Impacto no Mercado de Trabalho
Os dados sobre o mercado de trabalho nos anos subsequentes à reforma trabalhista são objeto de interpretações divergentes. Os defensores da lei apontam para a criação de novos postos de trabalho formais como evidência de seus efeitos positivos. Os críticos, por sua vez, contrapõem que o crescimento do emprego foi impulsionado predominantemente por vagas de trabalho intermitente e em tempo parcial, com remuneração inferior e menor proteção social, ampliando o fenômeno da precarização laboral. O crescimento expressivo do trabalho por plataformas digitais, cujo enquadramento jurídico ainda é objeto de debate, adicionou nova camada de complexidade ao panorama do mercado de trabalho pós-reforma, colocando em questão se as categorias tradicionais do direito do trabalho são adequadas para regular as novas formas de prestação de serviços mediadas por tecnologia.

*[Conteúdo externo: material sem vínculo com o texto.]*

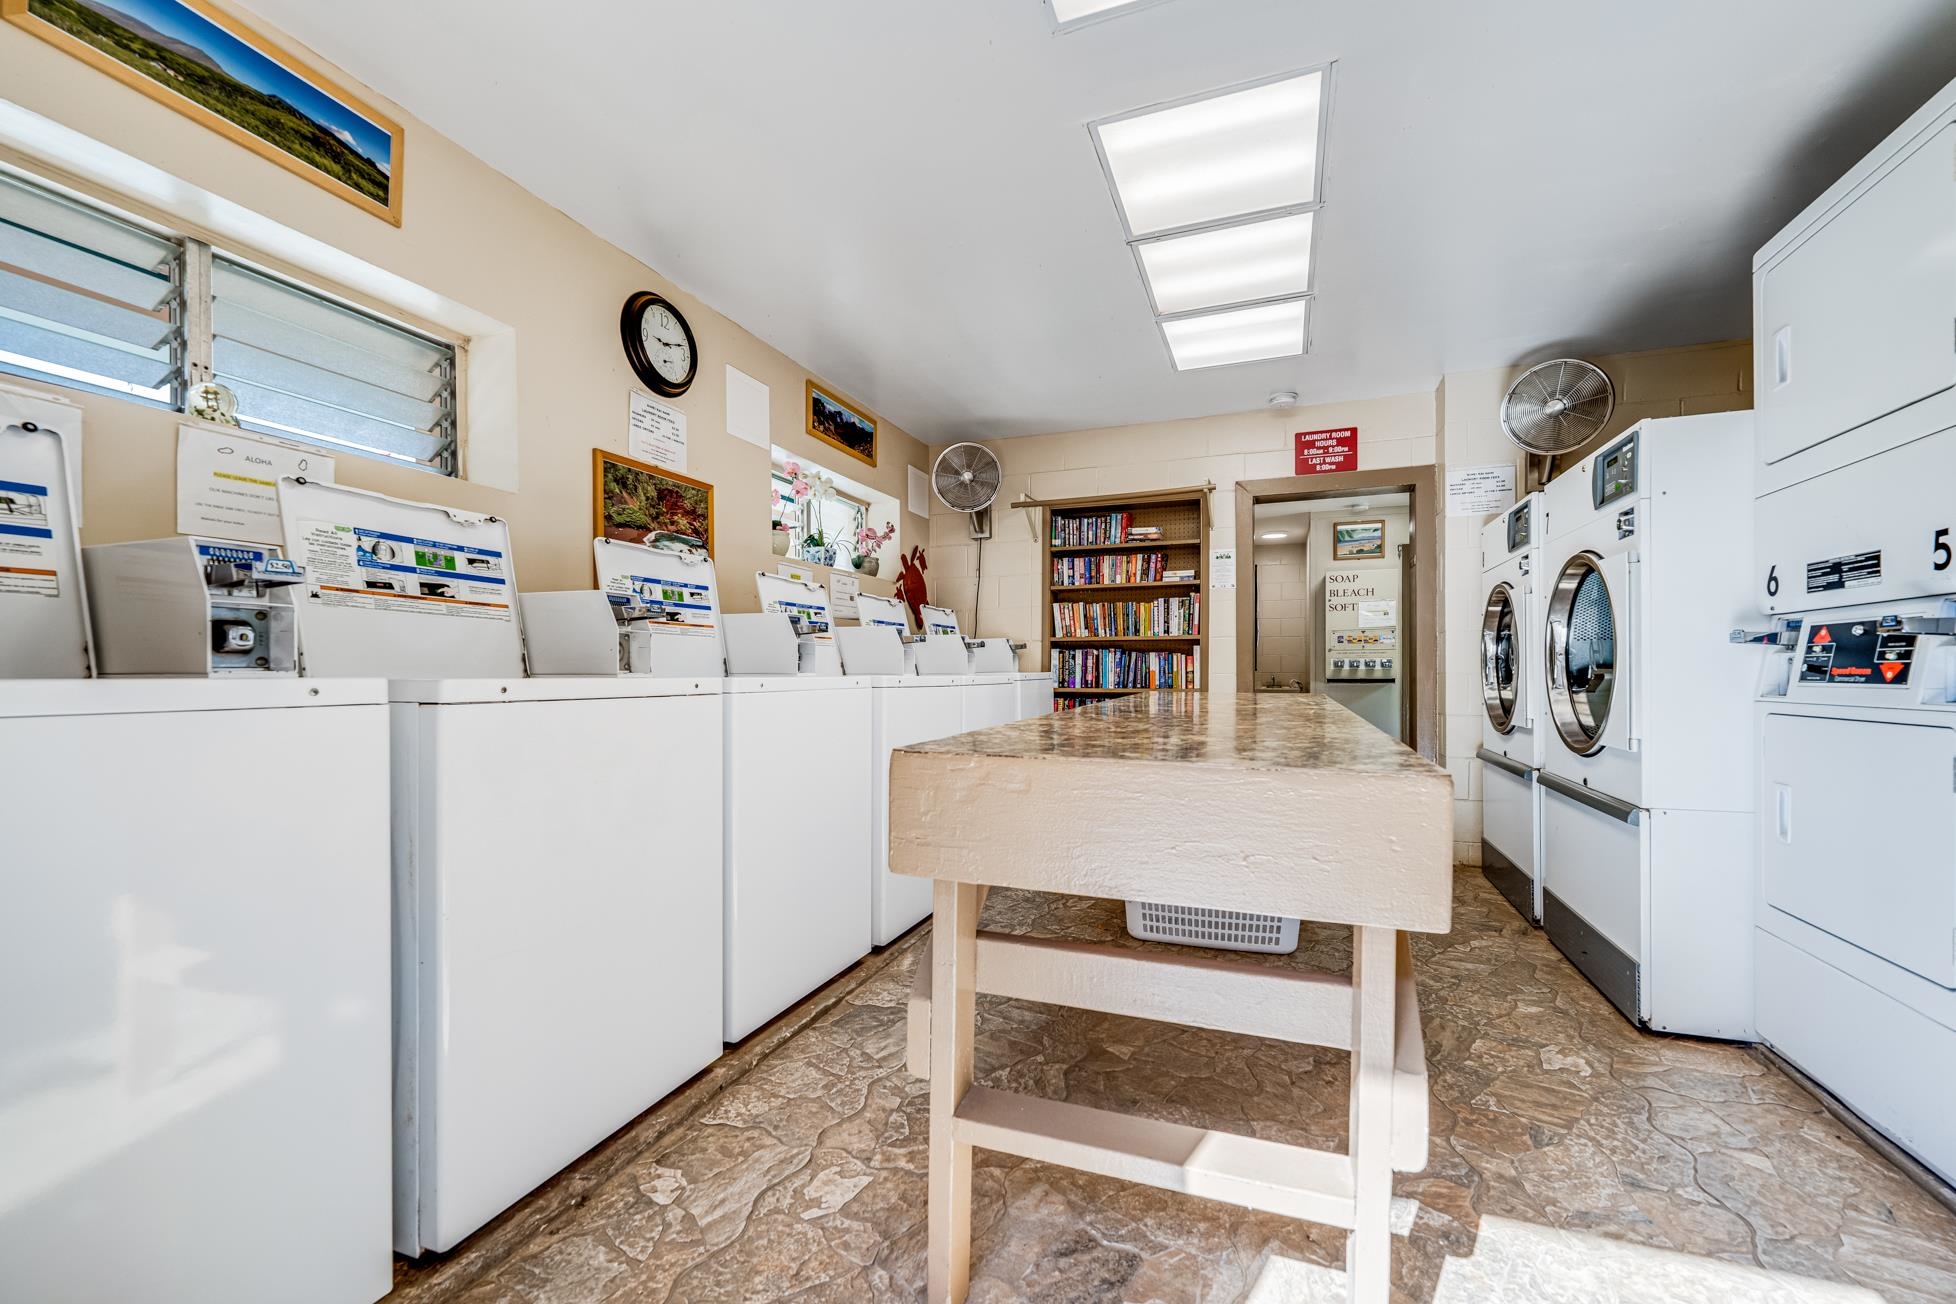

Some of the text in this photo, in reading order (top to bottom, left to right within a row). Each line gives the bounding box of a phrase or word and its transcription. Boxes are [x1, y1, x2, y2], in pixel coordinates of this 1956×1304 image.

[660, 312, 670, 330] 12
[642, 328, 648, 342] 9
[681, 348, 686, 362] 3
[1302, 432, 1330, 441] LAUNDRY
[245, 455, 273, 466] ALOHA
[1934, 528, 1952, 571] 5
[1329, 574, 1359, 583] SOAP
[1767, 564, 1779, 597] 6
[1329, 588, 1375, 598] BLEACH
[1328, 603, 1358, 612] SOFT

A Negociação Coletiva e o Papel dos Sindicatos
A ampliação do papel dos sindicatos na regulamentação das condições de trabalho é, em tese, um dos aspectos mais positivos da reforma. Ao conferir às negociações coletivas maior poder normativo, a lei reconhece a capacidade dos atores sociais de estabelecer regras adequadas às especificidades de cada setor econômico. No entanto, esse potencial positivo é condicionado à existência de sindicatos fortes, representativos e autônomos, o que não é a realidade da maioria das entidades sindicais brasileiras, enfraquecidas desde a extinção da contribuição compulsória. A reforma, ao mesmo tempo em que ampliou os poderes dos sindicatos, eliminou uma de suas principais fontes de financiamento, criando contradição que compromete a efetividade do modelo por ela proposto.

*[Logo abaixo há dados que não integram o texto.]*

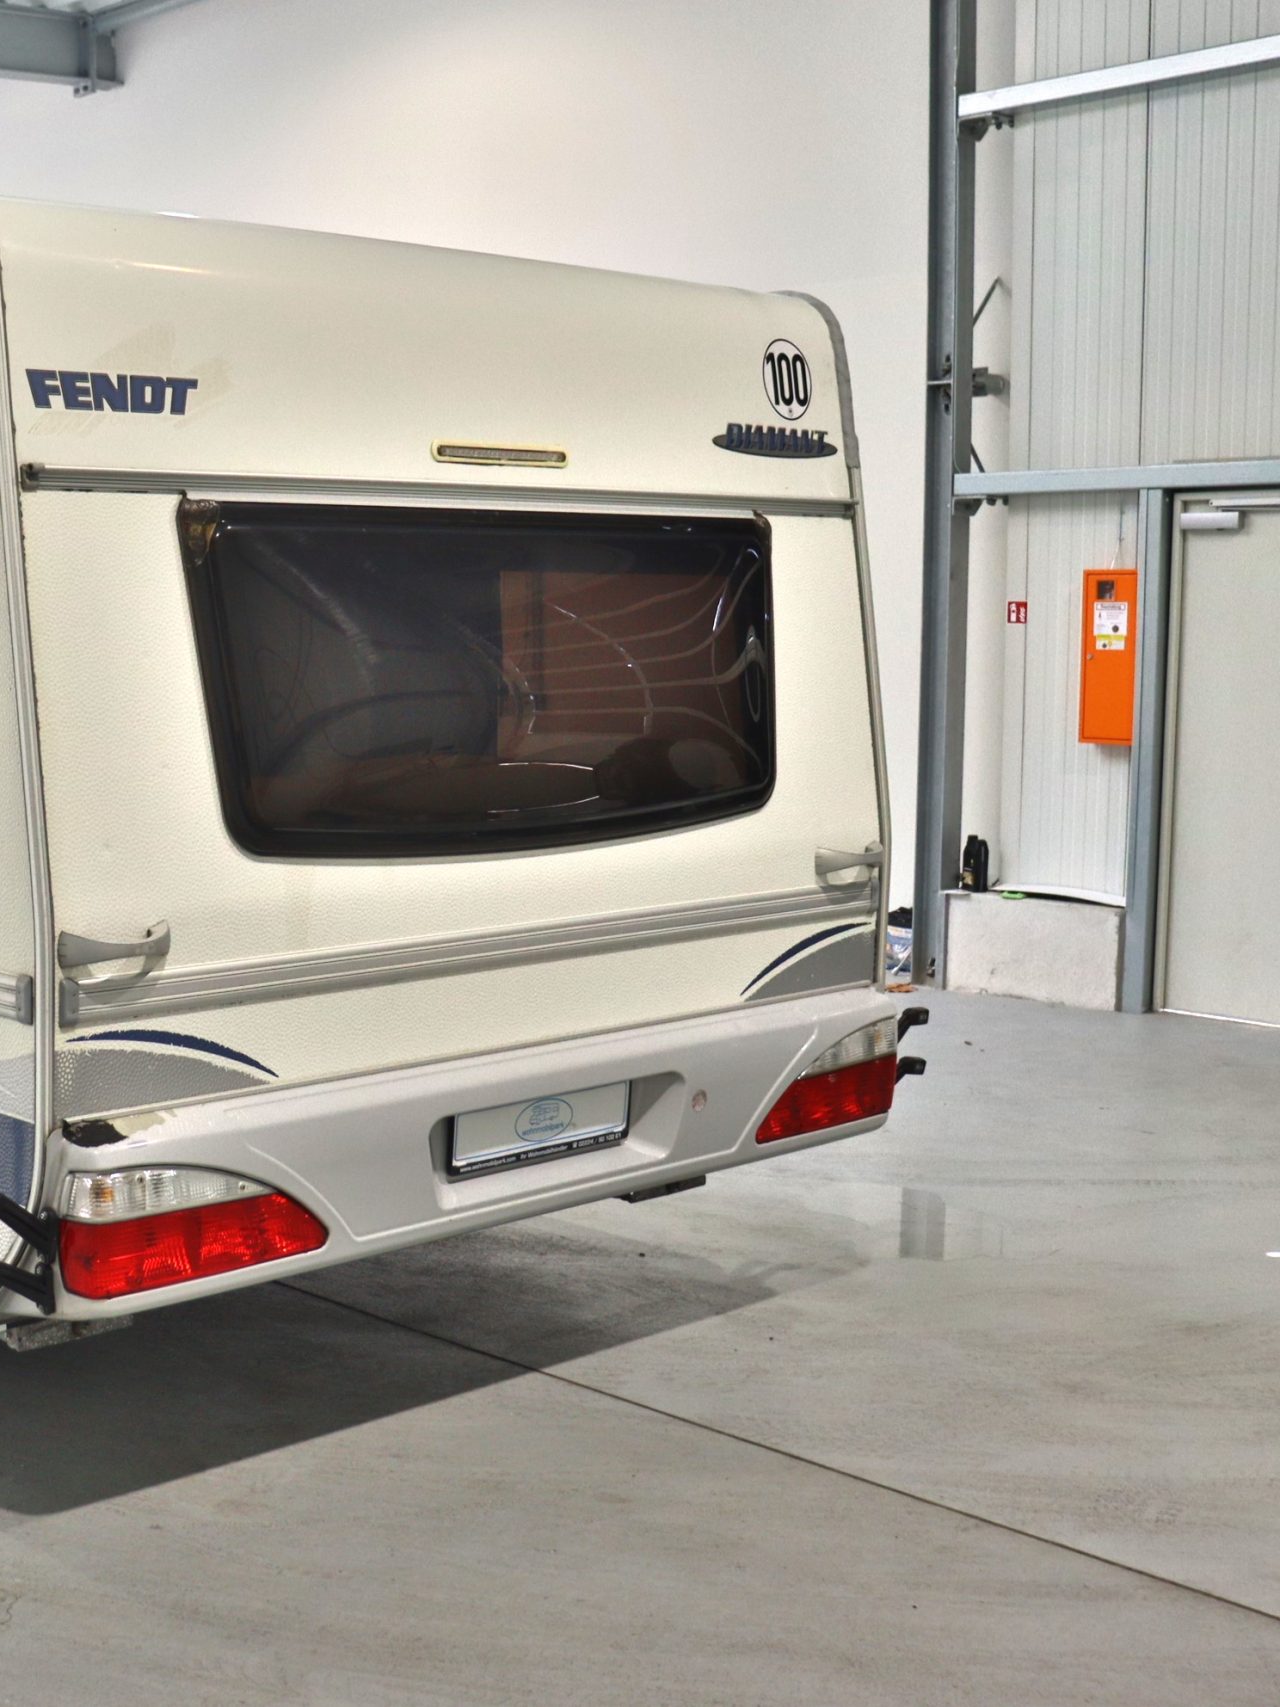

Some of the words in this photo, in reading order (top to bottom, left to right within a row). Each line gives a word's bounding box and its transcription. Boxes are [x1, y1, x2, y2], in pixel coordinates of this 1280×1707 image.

[25, 368, 198, 415] FENDT
[766, 352, 808, 407] 100
[726, 422, 828, 455] DIAMANT

Perspectivas de Revisão e o Debate Contínuo
O debate sobre a revisão da reforma trabalhista retornou com vigor à agenda política, impulsionado por demandas de centrais sindicais e por entidades da sociedade civil que documentam os impactos negativos da flexibilização sobre as condições de vida dos trabalhadores. Propostas que variam da ampliação das proteções aos trabalhadores de plataformas até a revisão das regras de terceirização e trabalho intermitente circulam no Poder Legislativo e nos fóruns de debate sindical. O desafio é encontrar um equilíbrio que preserve a flexibilidade necessária para a adaptação das relações de trabalho às transformações econômicas e tecnológicas, sem abrir mão das garantias fundamentais que distinguem o trabalho digno da mera sobrevivência. "A legislação trabalhista que não protege o trabalhador vulnerável falhou em sua razão de existir."

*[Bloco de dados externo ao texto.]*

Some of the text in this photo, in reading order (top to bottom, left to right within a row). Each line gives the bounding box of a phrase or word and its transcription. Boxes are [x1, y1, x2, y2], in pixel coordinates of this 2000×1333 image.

A reforma trabalhista brasileira de 2017 permanece como objeto de análise crítica indispensável para quem se dedica ao estudo do direito do trabalho e das políticas sociais. Seus resultados efetivos, tanto positivos quanto negativos, precisam ser avaliados com rigor empírico e isenção analítica, afastando tanto a apologia acrítica quanto a rejeição ideológica. O que o mundo do trabalho brasileiro precisa é de um sistema normativo que acompanhe as transformações do capitalismo contemporâneo sem sacrificar a dignidade de quem trabalha, e esse objetivo só será alcançado por meio de diálogo social qualificado e legislação construída com a participação efetiva de todos os atores envolvidos.